The monarch butterfly population has declined considerably over the past several decades. Reasons for the decline are attributed to reduced breeding habitat, extreme weather and other factors related to overwintering habitat, pesticides and deforestation in Mexico.

The U.S. Fish and Wildlife Service is currently in the process of evaluating whether to list the monarch as an endangered species under the Endangered Species Act and is required to decide by Dec. 15. Originally, the listing deadline was June 2019, but the date was extended to allow USFWS more time to prepare its Species Status Assessment, as well as collect additional data regarding conservation actions.

Working Lands For Wildlife

In the meantime, there have been efforts by numerous groups to develop approaches to help the monarch and prevent a listing. For example, monarchs were added to the Working Lands for Wildlife program, a partnership effort between the U.S. Department of Agriculture and the Natural Resources Conservation Service.

Through the Working Lands for Wildlife program, farmers and ranchers can voluntarily work with NRCS on implementing various conservation practices on their working lands. Then they can receive regulatory predictability through the FWS for endangered species under the Endangered Species Act. Or in the case of the monarch, ESA predictability should the monarch be listed.

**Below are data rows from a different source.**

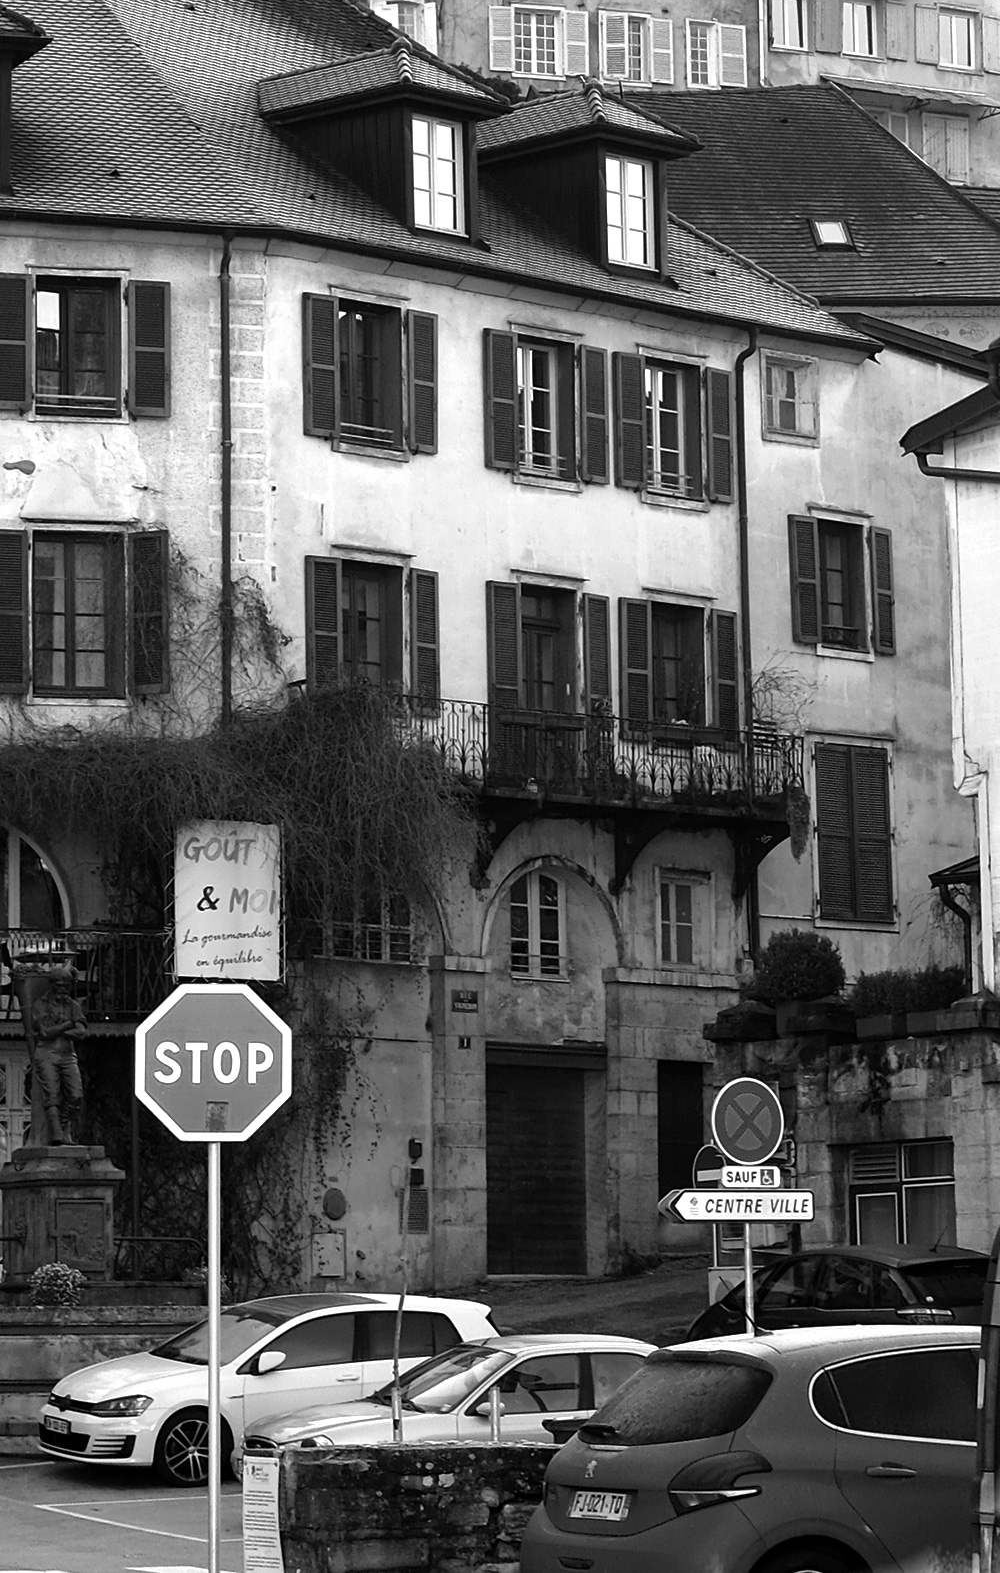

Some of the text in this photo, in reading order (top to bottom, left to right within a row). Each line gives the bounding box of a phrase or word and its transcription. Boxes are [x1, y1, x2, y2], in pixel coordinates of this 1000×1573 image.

[183, 830, 257, 866] GOÛT
[196, 885, 277, 915] & MOI
[181, 924, 273, 949] La gourmandise
[196, 949, 264, 972] en équilibre
[153, 1041, 274, 1085] STOP
[726, 1171, 758, 1183] SAUF
[704, 1198, 763, 1214] CENTRE
[770, 1198, 810, 1213] VILLE
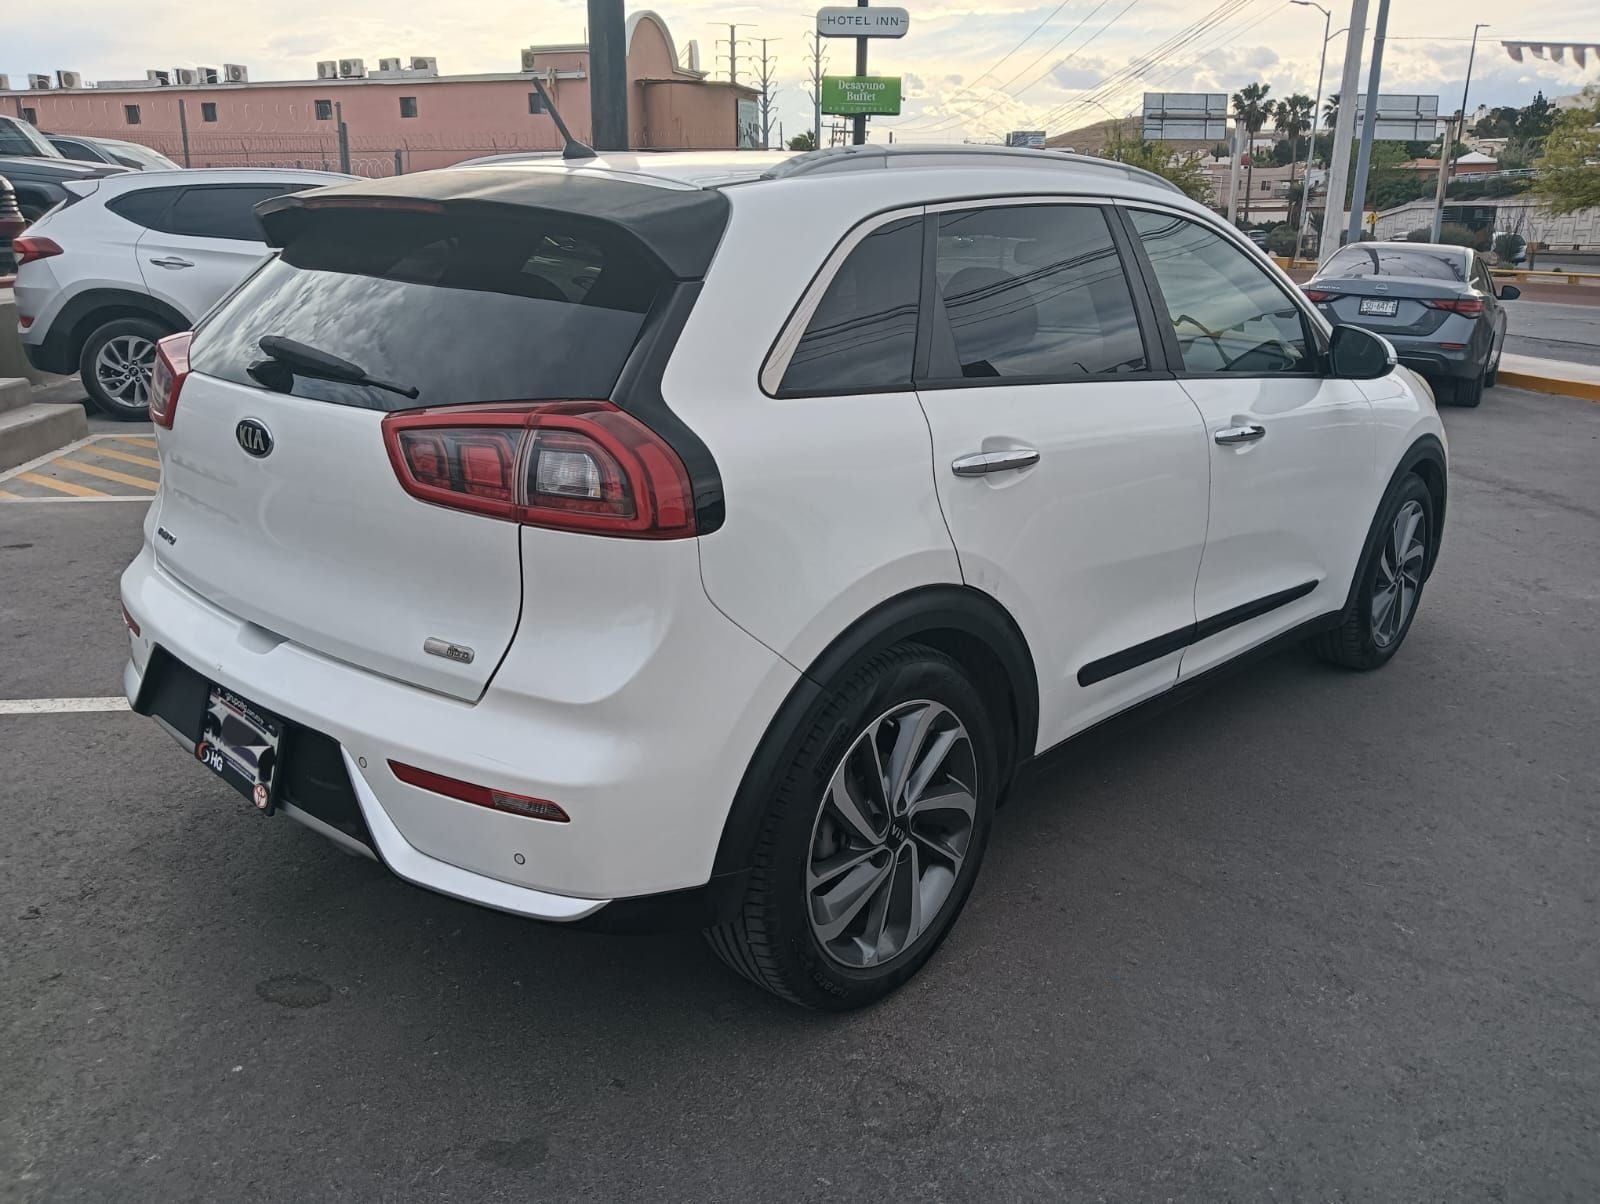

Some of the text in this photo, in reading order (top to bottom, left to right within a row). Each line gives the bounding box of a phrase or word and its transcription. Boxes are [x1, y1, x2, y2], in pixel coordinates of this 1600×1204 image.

[827, 15, 900, 26] HOTEL INN
[838, 79, 886, 92] Desayuno
[846, 91, 876, 102] Buffet
[240, 424, 265, 451] KIA
[209, 750, 224, 772] HG
[891, 823, 906, 842] KIA

According to Working Lands for Wildlife program, “some conservation practices, such as prescribed burning, could have negative ‘incidental’ impacts to a particular species in the short term but significant benefits in the long term. Landowners who voluntarily sign up for WLFW receive the ESA predictability that they will be exempted from any incidental take of the species caused by the implementation of the program’s conservation practices.”

Currently, the monarch WLWF only covers states in the Midwest and southern Great Plains, but the program could be expanded to other areas of the country where the monarch is found.

CCAA Effort Accepted

Another monarch conservation effort recently approved is a nationwide Candidate Conservation Agreement with Assurances. This is where more than 45 companies in the energy and transportation sectors will commit to conservation actions on utility and energy lands in the lower 48 states where monarch butterflies are found.

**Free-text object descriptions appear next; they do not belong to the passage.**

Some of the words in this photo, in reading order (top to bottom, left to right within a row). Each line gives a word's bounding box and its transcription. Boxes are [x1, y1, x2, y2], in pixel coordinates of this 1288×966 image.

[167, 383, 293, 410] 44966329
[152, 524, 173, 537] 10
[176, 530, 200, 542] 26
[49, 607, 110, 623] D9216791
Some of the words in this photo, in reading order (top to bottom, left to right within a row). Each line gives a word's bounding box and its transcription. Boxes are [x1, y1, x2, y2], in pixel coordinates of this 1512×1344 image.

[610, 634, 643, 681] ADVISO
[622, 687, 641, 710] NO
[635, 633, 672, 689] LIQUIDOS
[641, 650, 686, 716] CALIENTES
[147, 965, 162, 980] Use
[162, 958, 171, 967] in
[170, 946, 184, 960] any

The CCAA is also a voluntary agreement that provides participating partners regulatory assurances from USFWS should the monarch be listed.

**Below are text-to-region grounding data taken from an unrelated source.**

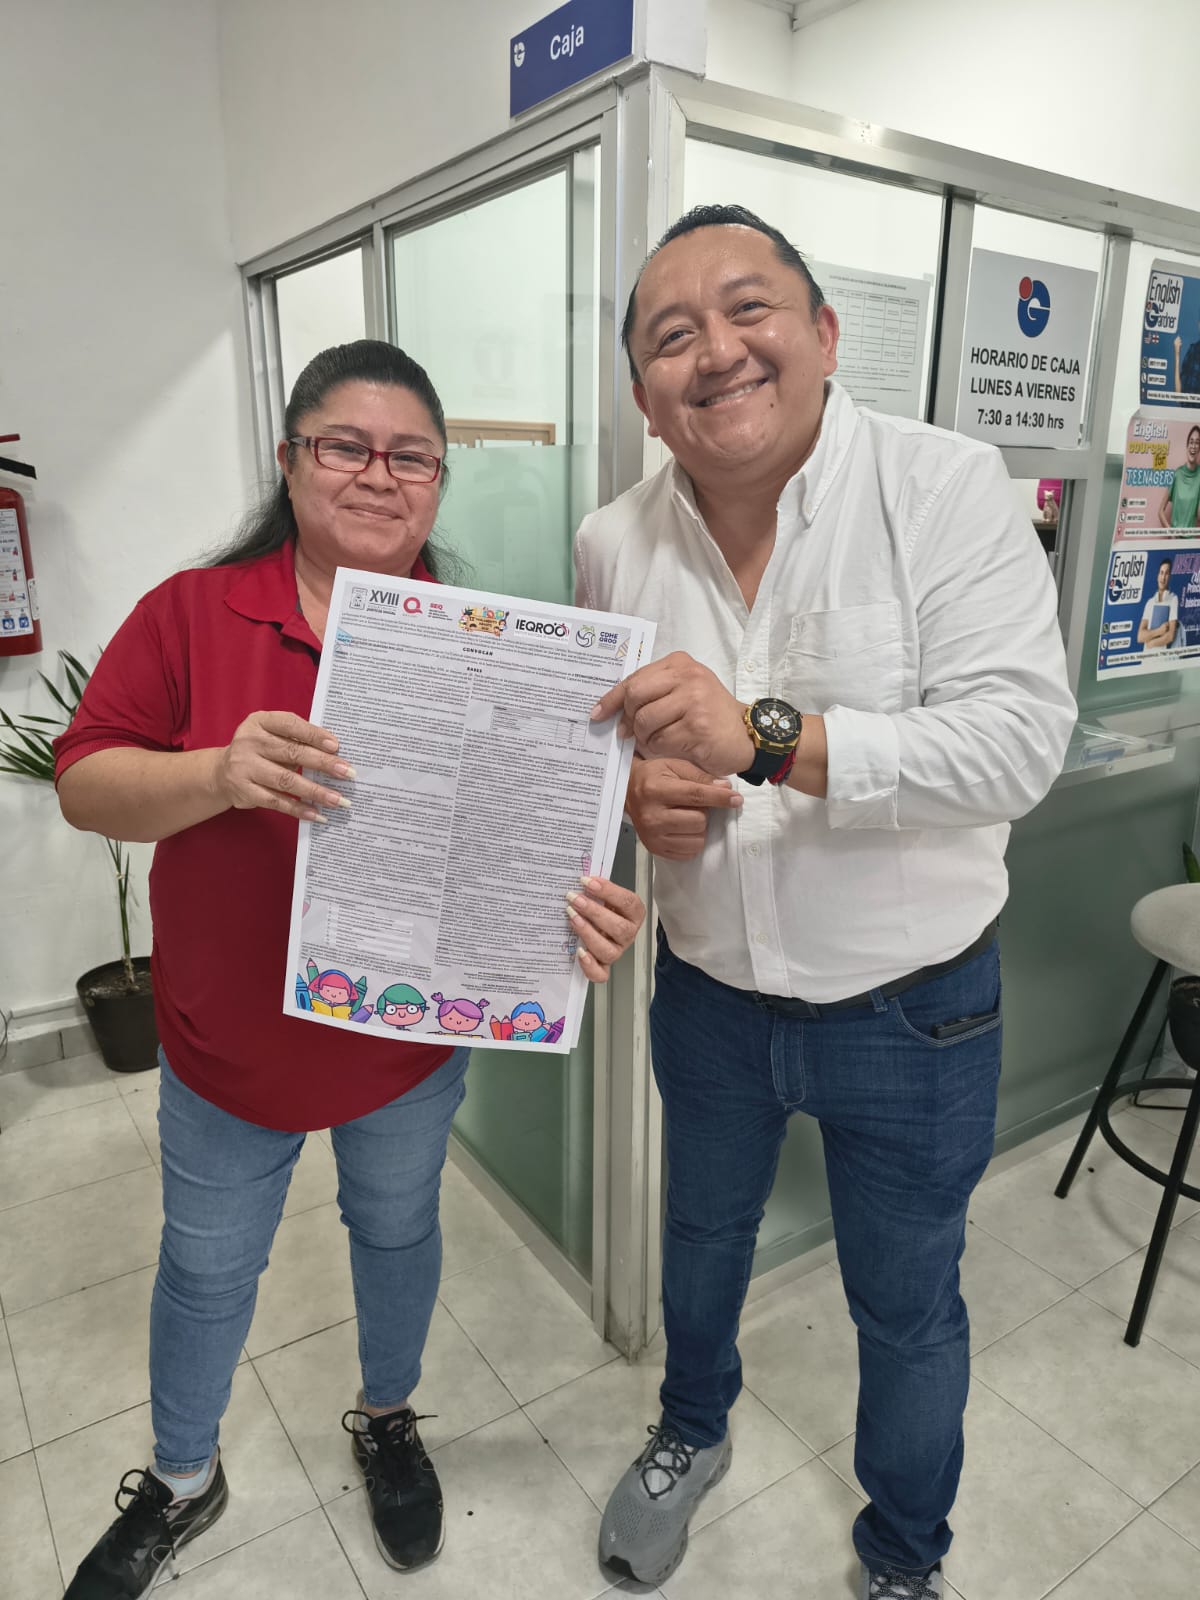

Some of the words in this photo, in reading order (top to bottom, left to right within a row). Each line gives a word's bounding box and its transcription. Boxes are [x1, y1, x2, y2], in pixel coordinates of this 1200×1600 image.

[550, 24, 584, 60] Caja
[1149, 276, 1181, 312] English
[970, 347, 1028, 369] HORARIO
[1031, 354, 1048, 371] DE
[1050, 357, 1080, 375] CAJA
[970, 377, 1012, 397] LUNES
[1015, 382, 1024, 397] A
[1026, 382, 1076, 402] VIERNES
[977, 408, 1002, 426] 7:30
[1005, 415, 1012, 426] a
[1015, 411, 1045, 428] 14:30
[1047, 413, 1064, 430] hrs
[1133, 421, 1168, 441] English
[1126, 469, 1174, 485] TEENAGERS
[1112, 555, 1145, 586] English
[369, 589, 400, 606] XVIII
[600, 631, 619, 640] CDHE

In working through its approval of the CCAA, the USFWS considered the needs of farmers and ranchers, given that much of the utility and energy infrastructure in the United States occurs on top of, underneath or adjacent to farm and ranch lands. USFWS recognized that farmers and ranchers will be key to the success of the agreement.

Additional information and materials will be forthcoming to help farmers and ranchers understand the new CCAA, including how it will be implemented and its impacts for landowners adjacent to lands enrolled in the new CCAA.

Eye On Arizona

Closer to home, the Arizona Farm Bureau is part of the Arizona Monarch Collaborative, which is made up of representatives of organizations and state and federal agencies. The group was formed to help bring attention to the monarch in Arizona and the various ways individuals, municipalities and industries can help enhance and protect monarch habitat.

More information regarding best management practices that can help protect monarchs (and pollinators) can be found at www.azmonarchcollaborative.com.

Why should we care in Arizona? Maps of monarch migration reveal monarchs from both the Western and Midwestern populations travel through Arizona as they move to and from Mexico. Regardless of whether the monarch is listed, Arizonans can take steps now with conservation efforts.

Ana Otto is the Arizona Farm Bureau government relations and outreach manager.